• Task statement:
Write out each line of the listing as it stands, without the images.
/---
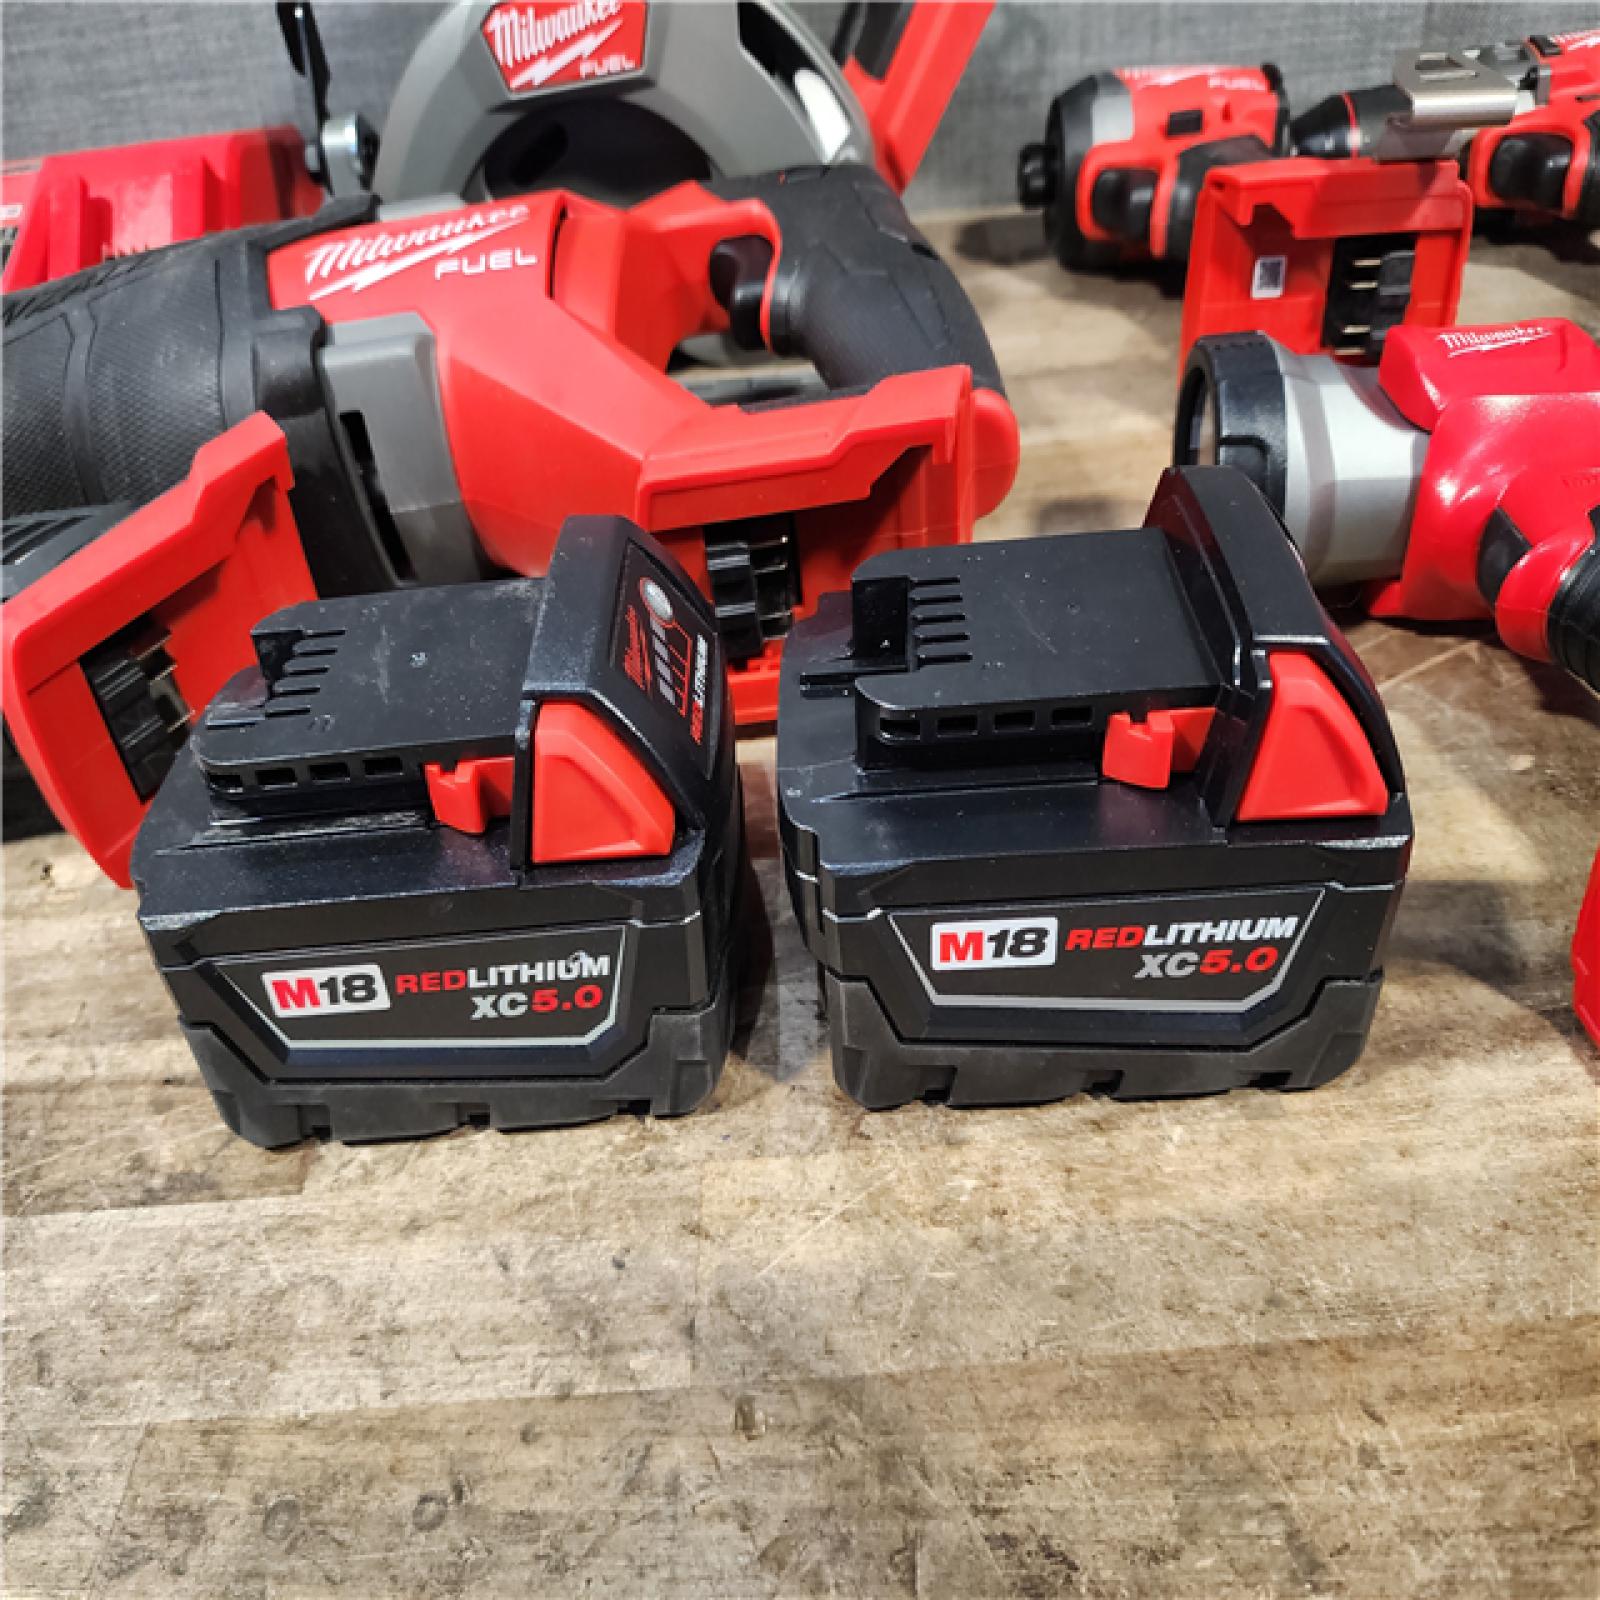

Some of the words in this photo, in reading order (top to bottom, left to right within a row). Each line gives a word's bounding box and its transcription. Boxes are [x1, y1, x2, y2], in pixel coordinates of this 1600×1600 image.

[305, 204, 529, 283] Milwaukee
[434, 247, 538, 280] FUEL
[1436, 326, 1545, 349] Milwaukee
[938, 926, 1050, 963] M18
[1065, 916, 1299, 951] REDLITHIUM
[271, 973, 379, 1010] M18
[395, 953, 611, 995] REDLITHIUM
\---
• Problem solution:
Some of the words in this photo, in reading order (top to bottom, left to right within a row). Each line gives a word's bounding box and its transcription. Boxes are [x1, y1, x2, y2], in pixel coordinates of this 1600×1600 image.

[305, 204, 529, 283] Milwaukee
[434, 247, 538, 280] FUEL
[1436, 326, 1545, 349] Milwaukee
[938, 926, 1050, 963] M18
[1065, 916, 1299, 951] REDLITHIUM
[271, 973, 379, 1010] M18
[395, 953, 611, 995] REDLITHIUM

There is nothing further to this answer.